Malaria is a life-threatening mosquito-borne infectious disease mainly found in tropical countries. According to WHO, nearly half of the world’s population was at risk in 2021, with about 427 million cases and an estimate number of deaths of 619 000 (1). Proper treatment can stop mild cases from becoming severe.

Picture of mosquito which can cause Malaria

Thrombocytopenia is a well-known characteristic of severe malaria (1). In a study by Mandala and co-workers at the Malawi University of Science and Technology, parasitemia levels (number of parasites/µL blood) were found to be inversely correlated to platelet (PLT) count (number of cells/L blood) (2). The PLT counts were significantly lower in acute phase for all investigated malaria types— uncomplicated malaria (UCM), severe malarial anemia (SMA) and cerebral malaria (CM)—compared with in the convalescence phase one month after treatment.

For accurate determination of PLT count in the critically low range, Boule hematology analyzers feature an PLT extended counting time functionality.

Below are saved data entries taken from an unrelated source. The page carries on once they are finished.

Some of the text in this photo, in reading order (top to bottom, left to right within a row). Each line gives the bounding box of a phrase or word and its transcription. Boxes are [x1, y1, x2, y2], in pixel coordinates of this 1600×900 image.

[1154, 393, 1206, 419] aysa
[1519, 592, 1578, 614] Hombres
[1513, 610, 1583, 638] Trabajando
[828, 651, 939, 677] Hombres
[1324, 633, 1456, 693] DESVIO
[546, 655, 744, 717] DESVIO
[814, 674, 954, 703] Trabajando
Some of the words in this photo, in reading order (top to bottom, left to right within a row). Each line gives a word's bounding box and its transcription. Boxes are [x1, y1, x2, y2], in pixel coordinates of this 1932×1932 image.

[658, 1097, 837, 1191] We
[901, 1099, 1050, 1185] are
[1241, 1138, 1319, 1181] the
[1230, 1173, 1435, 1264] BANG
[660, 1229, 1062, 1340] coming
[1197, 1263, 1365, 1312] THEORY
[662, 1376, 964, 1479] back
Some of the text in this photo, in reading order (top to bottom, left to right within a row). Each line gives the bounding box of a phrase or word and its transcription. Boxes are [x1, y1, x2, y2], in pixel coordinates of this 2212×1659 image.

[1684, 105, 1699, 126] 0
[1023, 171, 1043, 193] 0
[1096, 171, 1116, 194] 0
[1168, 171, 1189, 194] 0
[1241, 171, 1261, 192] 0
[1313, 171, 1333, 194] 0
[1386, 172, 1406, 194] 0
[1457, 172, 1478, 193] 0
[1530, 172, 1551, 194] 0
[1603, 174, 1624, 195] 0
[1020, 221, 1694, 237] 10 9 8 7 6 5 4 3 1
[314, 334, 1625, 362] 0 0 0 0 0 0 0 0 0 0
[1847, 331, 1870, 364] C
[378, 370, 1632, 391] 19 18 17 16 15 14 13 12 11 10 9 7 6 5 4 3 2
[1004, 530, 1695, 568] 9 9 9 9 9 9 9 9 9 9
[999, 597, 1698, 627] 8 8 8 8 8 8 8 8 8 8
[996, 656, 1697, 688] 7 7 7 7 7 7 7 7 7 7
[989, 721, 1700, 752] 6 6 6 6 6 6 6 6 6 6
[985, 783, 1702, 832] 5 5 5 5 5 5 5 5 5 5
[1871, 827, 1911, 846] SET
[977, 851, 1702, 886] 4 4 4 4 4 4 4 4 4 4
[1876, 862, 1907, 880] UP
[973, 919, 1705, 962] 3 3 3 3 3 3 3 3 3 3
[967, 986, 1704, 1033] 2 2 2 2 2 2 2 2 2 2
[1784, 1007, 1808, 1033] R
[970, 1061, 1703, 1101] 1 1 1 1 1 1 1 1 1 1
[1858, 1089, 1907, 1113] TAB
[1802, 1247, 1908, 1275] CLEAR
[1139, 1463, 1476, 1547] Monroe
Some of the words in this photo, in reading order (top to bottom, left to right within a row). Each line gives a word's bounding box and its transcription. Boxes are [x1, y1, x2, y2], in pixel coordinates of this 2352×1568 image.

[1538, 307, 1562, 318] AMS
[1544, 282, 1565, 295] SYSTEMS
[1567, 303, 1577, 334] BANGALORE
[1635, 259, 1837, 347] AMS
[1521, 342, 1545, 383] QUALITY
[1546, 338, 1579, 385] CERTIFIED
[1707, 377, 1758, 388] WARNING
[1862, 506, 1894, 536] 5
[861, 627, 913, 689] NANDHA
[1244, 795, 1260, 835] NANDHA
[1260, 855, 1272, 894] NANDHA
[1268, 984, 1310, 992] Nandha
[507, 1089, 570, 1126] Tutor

When activated, the analyzer will count three times as many platelets to ensure a sufficiently large number to allow an accurate determination of the PLT count.

If PLT extended counting time is enabled and a low PLT is detected during analysis, the extended counting time will be displayed on the counting phase screen, and then indicated by an asterisk (*) adjacent to the PLT parameter on the result screen and in printouts and exported PDFs.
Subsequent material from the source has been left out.